During the Great War more than a century ago, the entrenched Hun rightly came to fear the French 75 millimeter field cannon. Designated the Canon de 75 modèle 1897 by the French military, it was a mobile, accurate, fast-firing artillery piece that rained down death and destruction upon the enemy. So of course it makes sense that it would become the inspiration for a classic sparkling wine cocktail, the French 75.
Our gin exploration tour made a stop in 1915 Paris last night when we gave the French 75 a whirl in the ultra lounge. According to legend, Harry MacElhone, a bartender from Scotland who learned his trade in London, invented the French 75 (or at least a prototype of it) while working at the New York Bar in Paris during WWI. He must have earned some tidy tips because after the war he would buy the joint and rename it, what else, Harry's New York Bar. There's a nice symmetry to this story since it combines elements from France, Britain, and America to form a formidable cocktail alliance that's stood the test of time. And as our experience last night confirms, if you're not careful the French 75 could well blow your head right off.

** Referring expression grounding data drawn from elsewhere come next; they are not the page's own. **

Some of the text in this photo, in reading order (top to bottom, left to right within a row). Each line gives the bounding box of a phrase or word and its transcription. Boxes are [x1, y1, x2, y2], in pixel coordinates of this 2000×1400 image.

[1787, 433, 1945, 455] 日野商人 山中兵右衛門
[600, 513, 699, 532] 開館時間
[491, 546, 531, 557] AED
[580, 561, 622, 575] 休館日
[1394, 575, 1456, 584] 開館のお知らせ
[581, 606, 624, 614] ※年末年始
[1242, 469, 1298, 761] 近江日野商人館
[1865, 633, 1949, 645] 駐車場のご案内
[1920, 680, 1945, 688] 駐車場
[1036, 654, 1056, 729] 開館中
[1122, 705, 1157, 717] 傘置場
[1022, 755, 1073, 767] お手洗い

The French 75 is easy to make, exceptionally refreshing, and powerfully potent. The basic recipe allies gin, lemon juice, sugar and champagne. In that way it's similar to a Tom Collins, with the champagne instead of club soda providing the bubbly effervescence (and a little extra kick in the pants). The main difference is in the preparation and presentation. I reviewed several French 75 recipes and while they all agree on the main ingredients, there are differences of opinion on the proportions. As with most things, I let personal preference be my guide, and you should absolutely feel free to do the same. This is a basic recipe that you can use as a starting point and then adjust to your taste:
- 2 oz. dry gin
- 3/4 oz. fresh lemon juice
- 3/4 oz. simple syrup
- 2 oz. champagne
A quick note here - like revenge, this is a drink that is best served cold, very cold. So make sure that your champagne is well chilled before you start. Ours wasn't quite there when we started last night, but with the help of an ice water bath it made it there by the third round. Now, in a cocktail shaker combine the gin, lemon juice, and syrup. Add ice to the level of the liquid and shake well, at least 20 seconds or so. You want to really feel the frost in your hand before you're done with the shake. Strain this into a champagne flute, then top off with the champagne. If you fancy some fancy, a long curly peel of lemon is the traditional garnish.
The different recipes I perused suggested several variations on the main theme. You do want to start with good quality ingredients, but you don't have to spend a fortune. We used our Aviation gin and Korbel extra dry champagne. I don't see a lot of sense in adulterating a really good champagne, but let your wallet and taste buds be your guide. If you like things dry, go with a brut, if you like things sweeter, you can use more syrup or substitute a Moscato or Prosecco as the sparkling wine. I saw one recipe that called for cognac instead of gin, and another that suggested a honey rather than sugar simple syrup for a little more character. Sans the champagne, that's basically the recipe for a Bees Knees, allegedly invented a few years after the war and the French 75 in an American speakeasy to help mask the dubious flavor of their bathtub gin. As I alluded earlier, the French 75 should be served with a warning, because like a good courtesan they are deceptively intoxicating and go down with brazen ease. So be sure to enjoy responsibly.